Each record that follows should be repeated exactly, minus any images.

Segment Start: Information

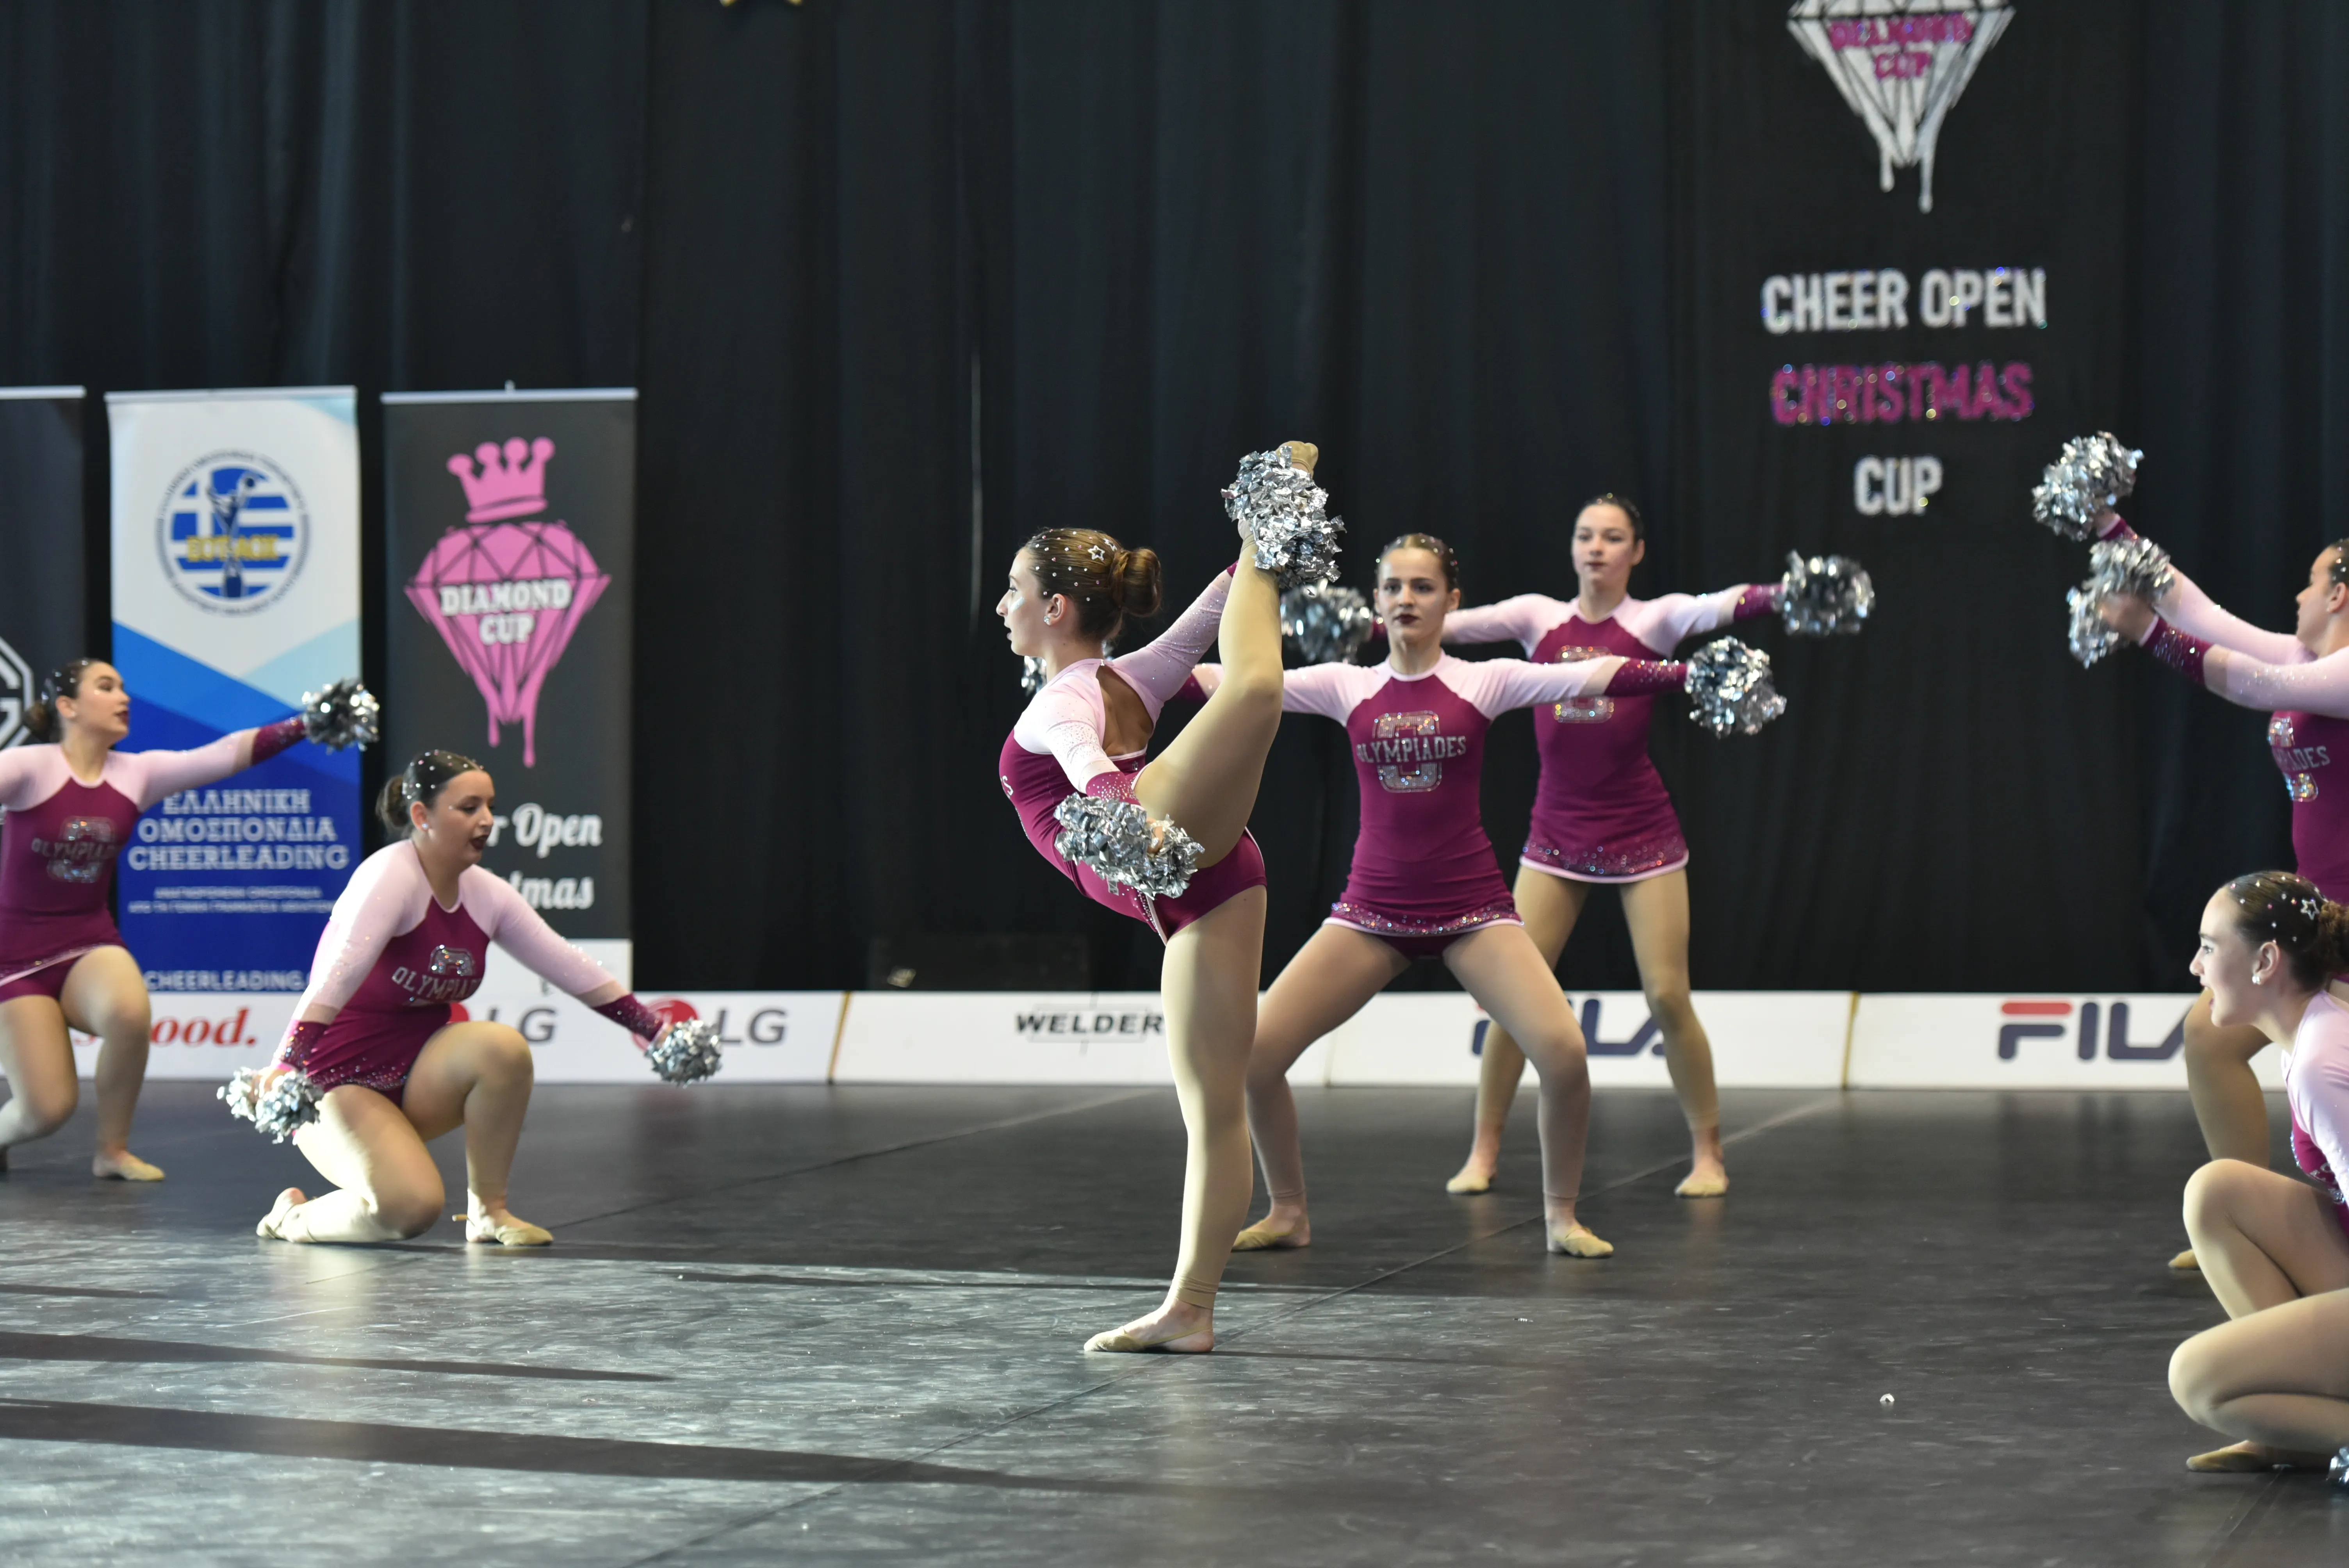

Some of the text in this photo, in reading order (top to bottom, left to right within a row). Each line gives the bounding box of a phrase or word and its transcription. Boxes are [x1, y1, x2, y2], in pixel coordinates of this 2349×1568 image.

[1762, 267, 2047, 334] CHEER OPEN
[1772, 361, 2032, 424] CHRISTMAS
[1854, 454, 1943, 515] CUP
[440, 578, 572, 616] DIAMOND
[479, 613, 534, 645] CUP
[1356, 735, 1467, 763] OLYMPIADES
[162, 789, 311, 814] ΕΛΛΗΝΙΚΗ
[137, 817, 338, 843] ΟΜΟΣΠΟΝΔΙΑ
[512, 802, 603, 859] Open
[127, 845, 350, 870] CHEERLEADING
[151, 1005, 258, 1047] ood.
[714, 1007, 789, 1044] LG
[1016, 1014, 1163, 1035] WELDER

Segment End: Information

# Written solution:
Some of the text in this photo, in reading order (top to bottom, left to right within a row). Each line gives the bounding box of a phrase or word and its transcription. Boxes are [x1, y1, x2, y2], in pixel coordinates of this 2349×1568 image.

[1762, 267, 2047, 334] CHEER OPEN
[1772, 361, 2032, 424] CHRISTMAS
[1854, 454, 1943, 515] CUP
[440, 578, 572, 616] DIAMOND
[479, 613, 534, 645] CUP
[1356, 735, 1467, 763] OLYMPIADES
[162, 789, 311, 814] ΕΛΛΗΝΙΚΗ
[137, 817, 338, 843] ΟΜΟΣΠΟΝΔΙΑ
[512, 802, 603, 859] Open
[127, 845, 350, 870] CHEERLEADING
[151, 1005, 258, 1047] ood.
[714, 1007, 789, 1044] LG
[1016, 1014, 1163, 1035] WELDER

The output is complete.